Saturday, February 14, 2009

With the Web 2.0 Label At Least I Knew What to Look For

6 comments :
Recently i had lunch with a customer that we had just finished delivering a taxonomy advisory project that focused on their 'retail employee' portal. I have known this customer for a while and the folks that work there are pretty tech savvy so of course during lunch a bunch of things came up in regards to the gadgets and tools we use in our day to day life and at work.

During lunch, one of them asked me a question that i had not been asked in a while- what was the "coolest and newest" application that i had been using and would recommend? After a couple seconds of awkward silence, I said that i really didn't really have an answer for something 'new'. In regards to services that i have been using more and more and find extremely valuable i mentioned things LinkedIn that have used for years (highlighting the new features which i love), SlideShare and Twitter (and Twitter apps) of course....but what else? We talked a little about the iPhone of course and even Facebook- but there wasn't anything i could point to that provided a great new service- especially for use by the enterprise user.

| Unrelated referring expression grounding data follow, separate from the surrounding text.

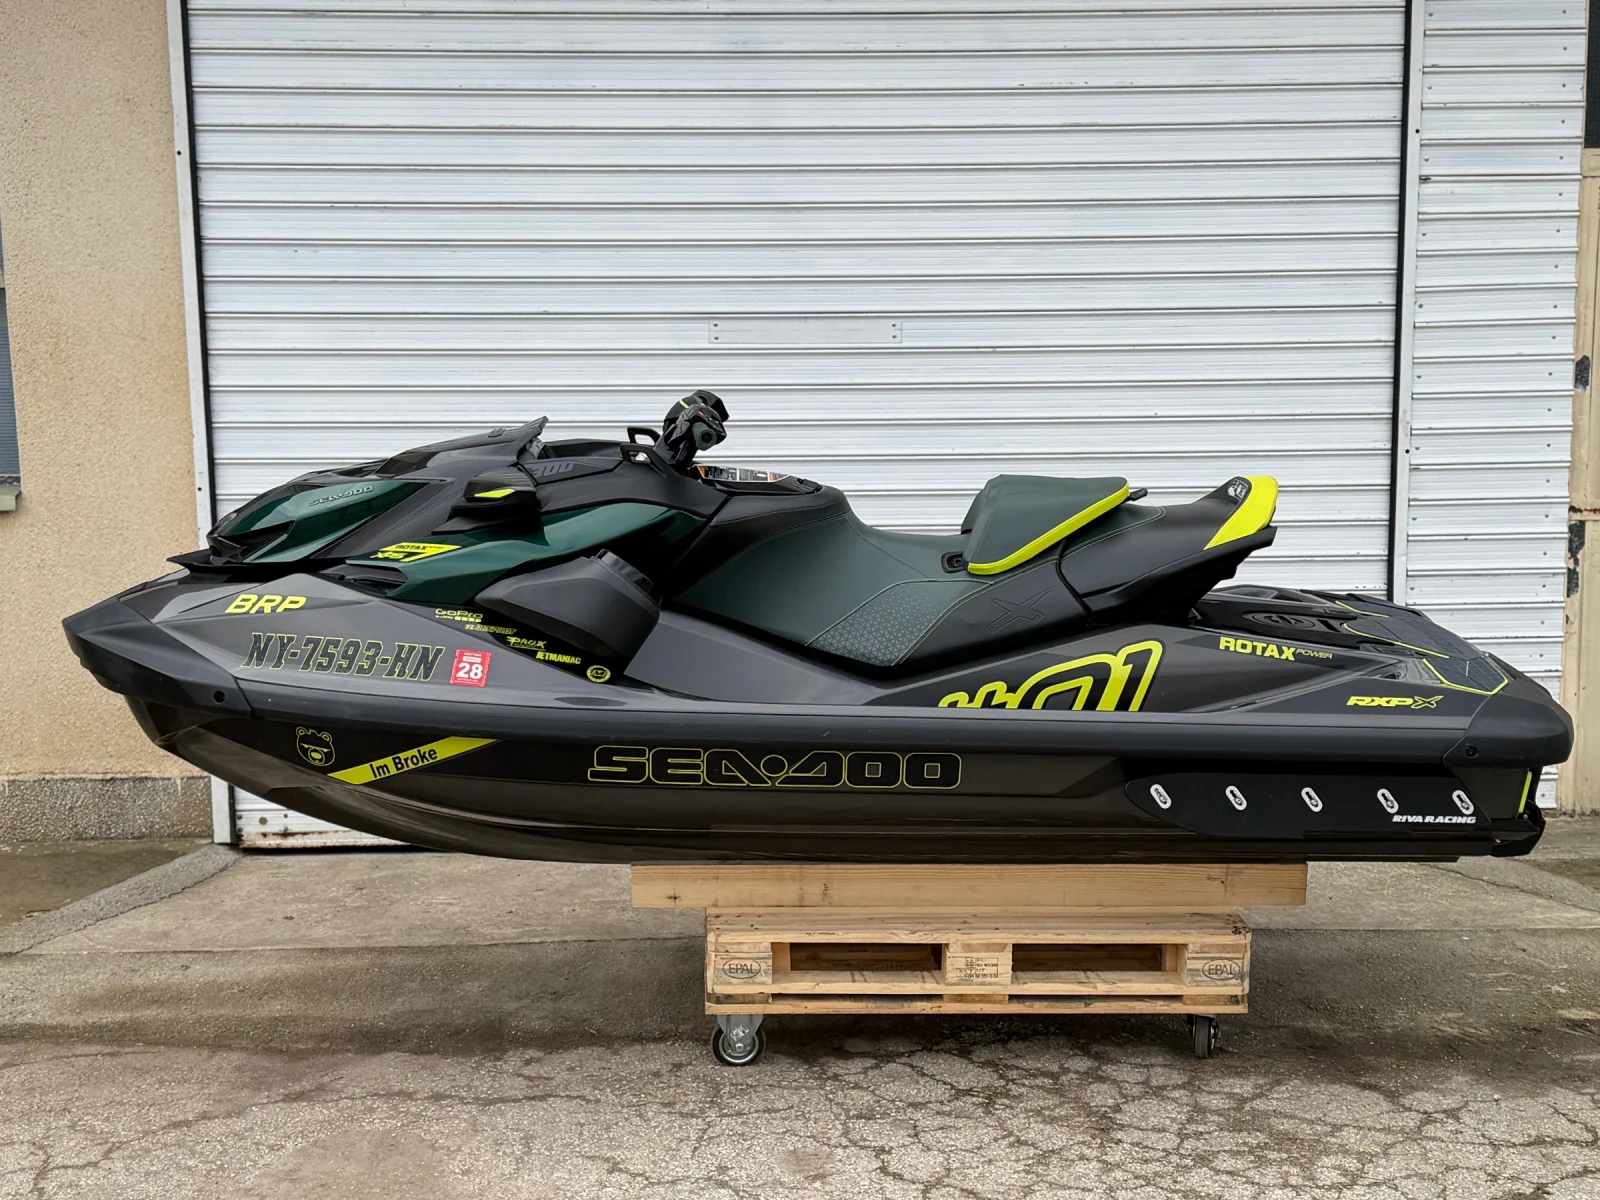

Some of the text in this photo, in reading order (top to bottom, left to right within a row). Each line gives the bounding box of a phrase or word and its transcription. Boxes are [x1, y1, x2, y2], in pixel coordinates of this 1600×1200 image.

[225, 594, 307, 614] BRP
[435, 608, 484, 619] GoPro
[240, 632, 446, 681] NY-7593-HN
[1219, 636, 1333, 661] ROTAX POWER
[456, 662, 483, 680] 28
[369, 748, 438, 778] Im Broke
[1392, 814, 1477, 824] RIVA RACING
[728, 963, 758, 974] EPAL
[1208, 964, 1235, 976] EPAL
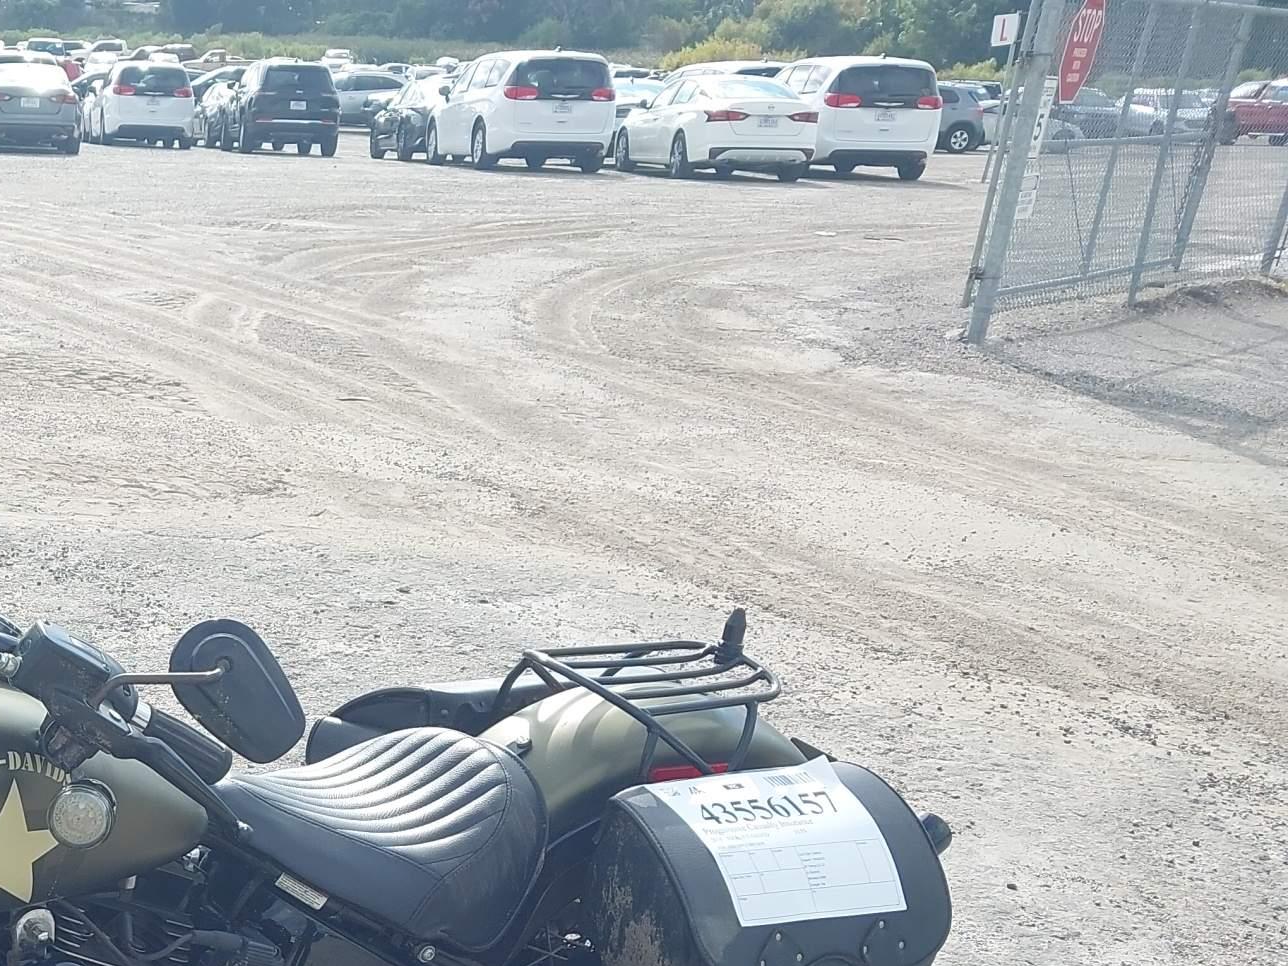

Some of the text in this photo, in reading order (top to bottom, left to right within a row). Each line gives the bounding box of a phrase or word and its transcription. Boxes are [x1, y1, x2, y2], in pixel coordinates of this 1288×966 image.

[999, 18, 1008, 42] L
[1073, 8, 1102, 43] STOP
[1032, 112, 1045, 141] 5
[700, 791, 838, 825] 43556157
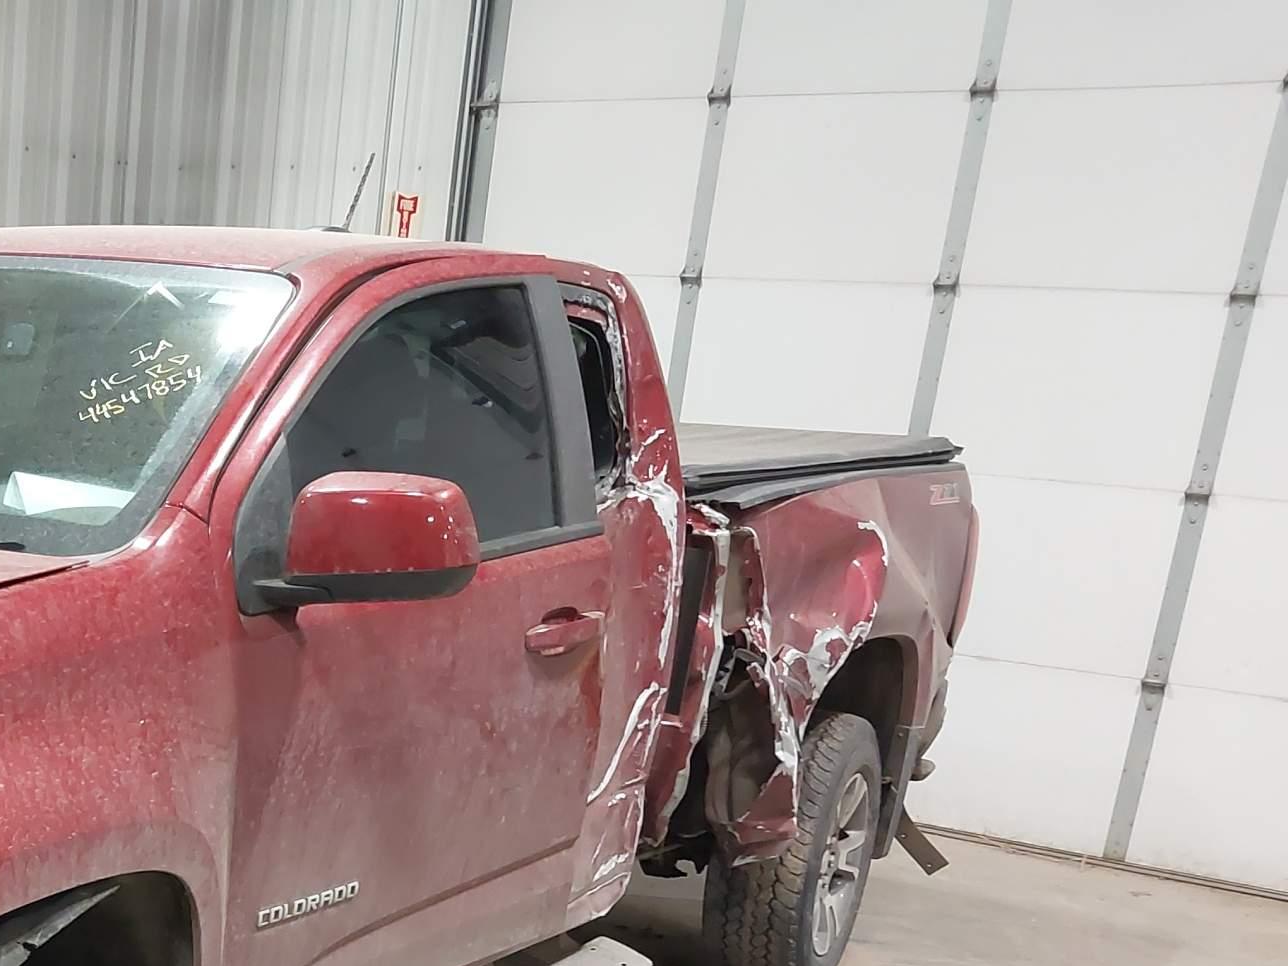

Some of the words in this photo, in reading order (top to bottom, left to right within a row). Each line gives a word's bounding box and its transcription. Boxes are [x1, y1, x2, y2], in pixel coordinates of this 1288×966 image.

[129, 339, 174, 368] IA
[78, 365, 201, 423] 44547854
[256, 880, 360, 928] COLORADO
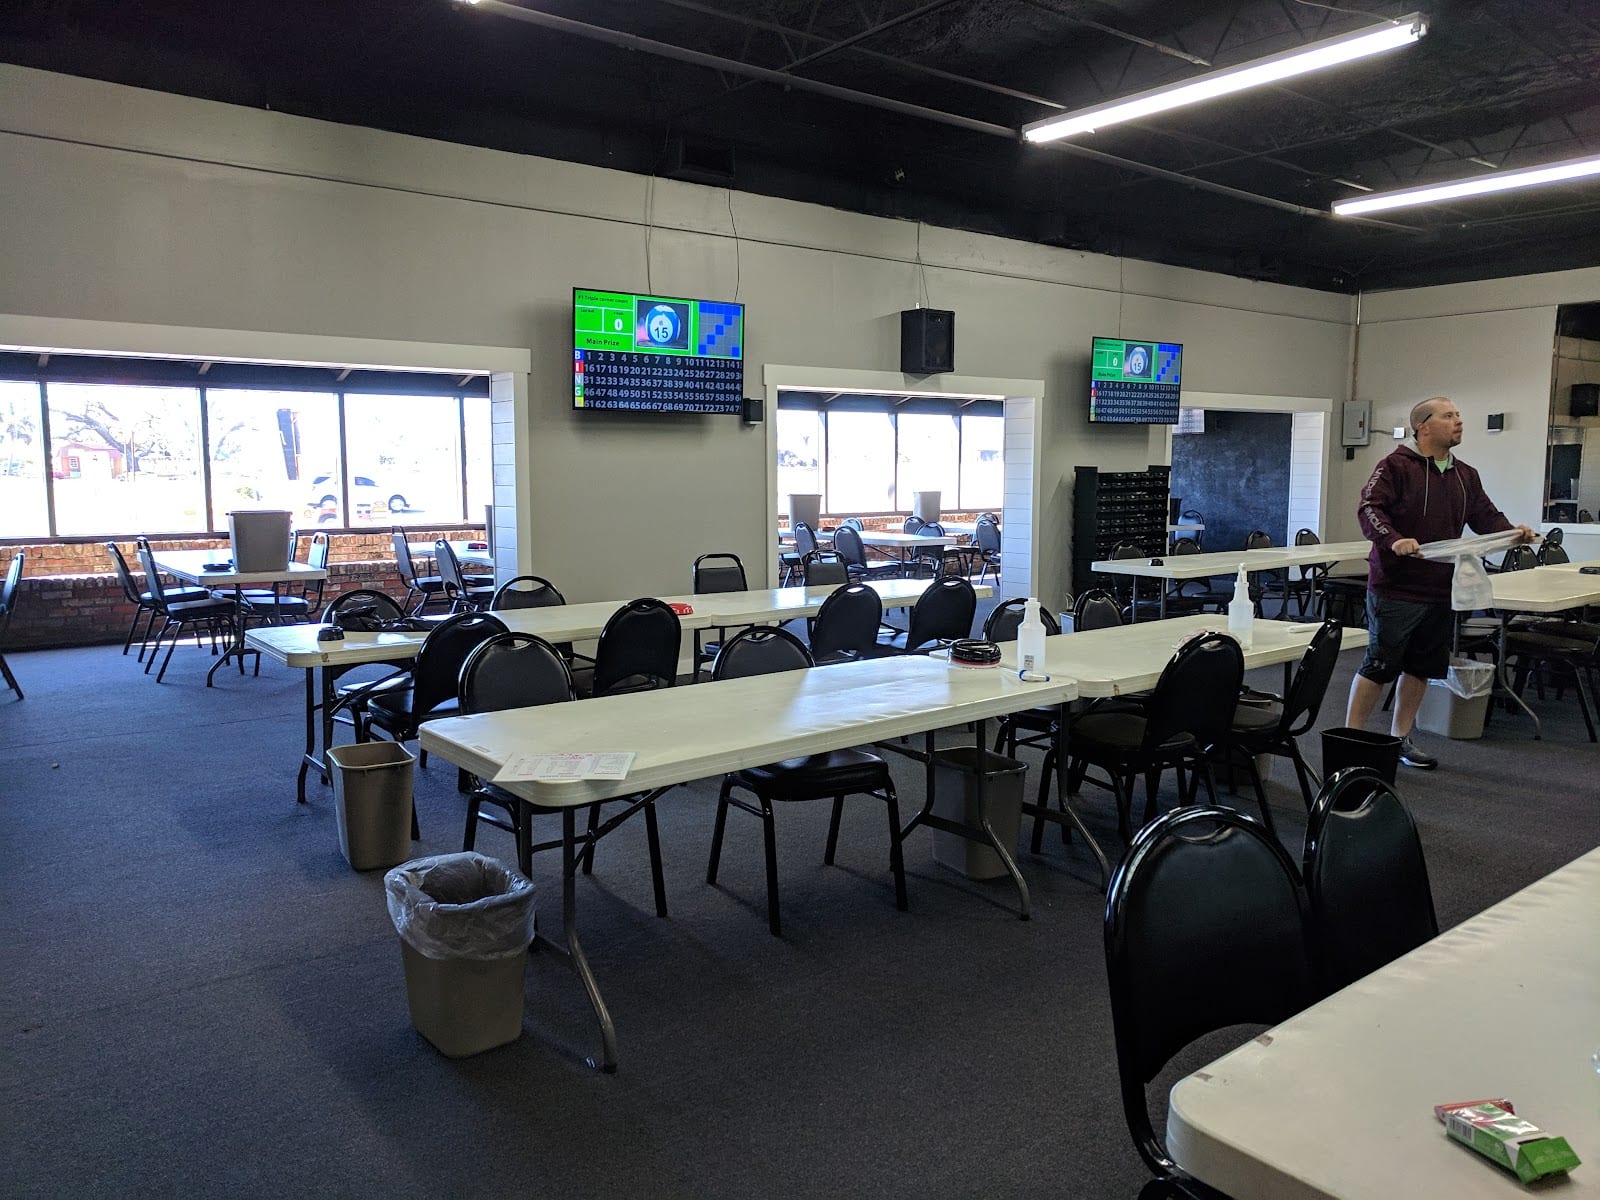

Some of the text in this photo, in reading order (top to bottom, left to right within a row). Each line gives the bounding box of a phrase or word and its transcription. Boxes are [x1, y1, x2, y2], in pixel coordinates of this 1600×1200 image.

[614, 318, 622, 330] 0
[654, 327, 668, 338] 15
[575, 351, 580, 359] B
[576, 362, 579, 372] I
[1134, 362, 1142, 371] 15
[575, 387, 580, 396] G
[584, 388, 595, 396] 46
[596, 388, 606, 397] 47
[607, 389, 617, 397] 48
[619, 389, 629, 397] 49
[1364, 467, 1384, 498] UNDE
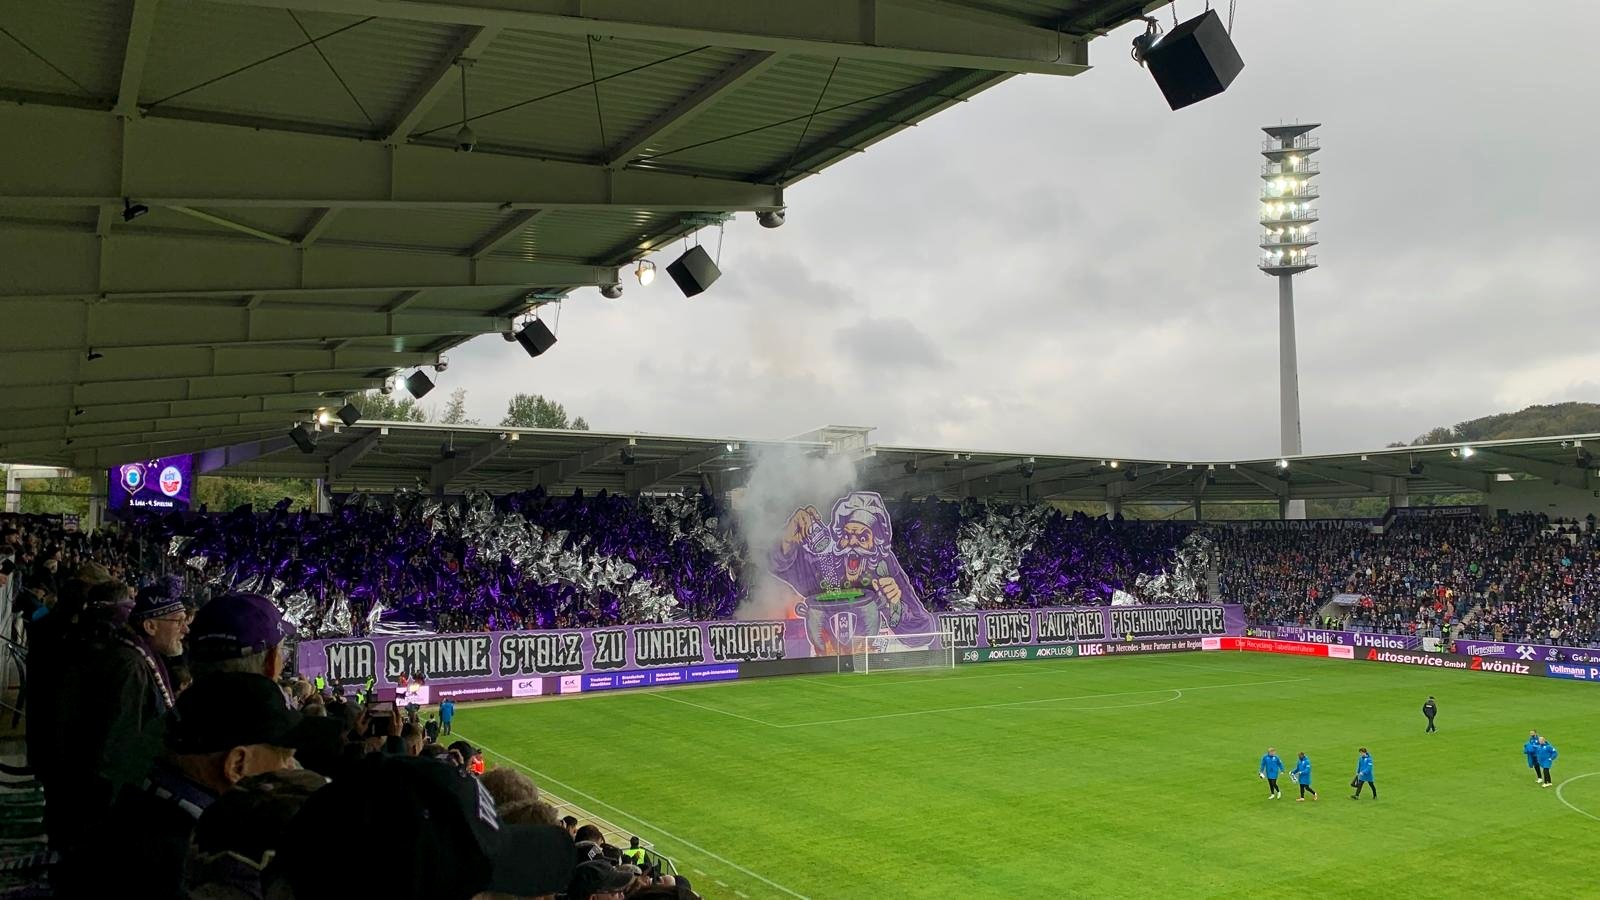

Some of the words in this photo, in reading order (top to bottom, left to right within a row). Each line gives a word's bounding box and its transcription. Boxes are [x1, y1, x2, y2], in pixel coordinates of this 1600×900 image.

[1106, 644, 1114, 652] Ihr
[1115, 643, 1153, 653] Mercedes-Benz
[1153, 642, 1171, 651] Partner
[1178, 641, 1186, 649] der
[1187, 640, 1202, 649] Region
[1364, 635, 1405, 650] Helios
[386, 637, 492, 679] STINNE
[499, 633, 582, 669] STOLZ
[592, 630, 625, 664] ZU
[708, 623, 784, 658] TRUPPE
[1367, 648, 1443, 666] Autoservice
[1443, 660, 1467, 669] GmbH
[1470, 655, 1530, 674] Zwönitz
[1549, 664, 1586, 677] Vollmann

Today's post on the "Death of Web 2.0" on TechCrunch reminded me of that conversation. In that post, the author points out that more and more companies are not using the term as part of their pitch to get covered and and according to the Google trends analysis the author did it shows that less people are searching on the term. I have always used "Web 2.0" as a marketing label- not as a description of technology per say- so i wonder what are companies indeed labeling themselves? "Social Media" and "Social Networking" are probably used more and more, but what else?

So i still feel 'out-of-the-loop' so perhaps it is:
  1. there is no new label like 'Web 2.0' to latch on to?
  2. or maybe there just isn't a lot of services that are coming out that excite me?
  3. i have my head in my arse?
  4. the 'channels' that i am still dialed into are not doing their jobs and online coverage of new products and services are lacking
  5. i don't know where to look [perhaps you can help me with this one?]
Lately, I don't find TechCrunch to be doing the same job it used to do in covering new services (there is too much drama lately maybe because i get suckered into reading stupid comments!). TechCrunch Enterprise which i had been waiting for since 2006 just hasn't gotten me excited as i wanted it to. i read other sites like ReadWriteWeb (a daily must read) and Mashable and the people i follow on Twitter are also invaluable to me to find new products services. But why am i just not that excited about most of products and services that they are covering?

Image|Flickr|An Era passed (record labels) by Olivander [i recommend visiting Flickr page]

6 comments :

Anonymous said...

Hi Daniela
It's a good question. I suspect we've all got to change the question from "what's new" to "what's really working". No ones really covering that.
Significantly more boring a topic, I know :)

Happy V-day, Sameer

daniela barbosa said...

I Agree Sameer- "what's really working" is a more important answer then what is new and cool!

Anonymous said...

I agree. I see a lot of excitement with iPhone apps and Twitter but have not seen anything remarkably different that jumps up and grabs you. There is a lot of incremental innovation though.

I have moved from being excited by new apps to being excited to find new people on Twitter. So it is possible that I am not really looking.

The last bit of excitement was discovery of Twine.

Marilyn said...

Maybe it's not the tools that are exciting anymore, it's the new ways that we interact with people. The term "Web 2.0" can elicit some nasty responses from some of the technologists I know, but the shift to "social media", "interactive media" or as the White House calls it, "New media" is statrting to take the focus off the tools/technology, and put it more on the conversation.

Or maybe that's just wishful thinking on my part, because I have iPhone envy.

Anonymous said...

Web 2.0 is great for marketing. I agree! It's the biggest traffic technique since the late 90's! Twitter is getting very popular as well. It's a great tool too!

Allen Unrau said...

IMHO the most interesting things on the Internet these days circle around structured data, Semantic web and open data. That's cool (well, I think so), but the 'coolness' isn't visible to the layman. If you don't have the background to understand why these technologies are important, it's going to be very difficult to see their significance. This stuff is 'foundational' technology and the value won't be seen until apps come out that use it to provide services that would be impossible without it.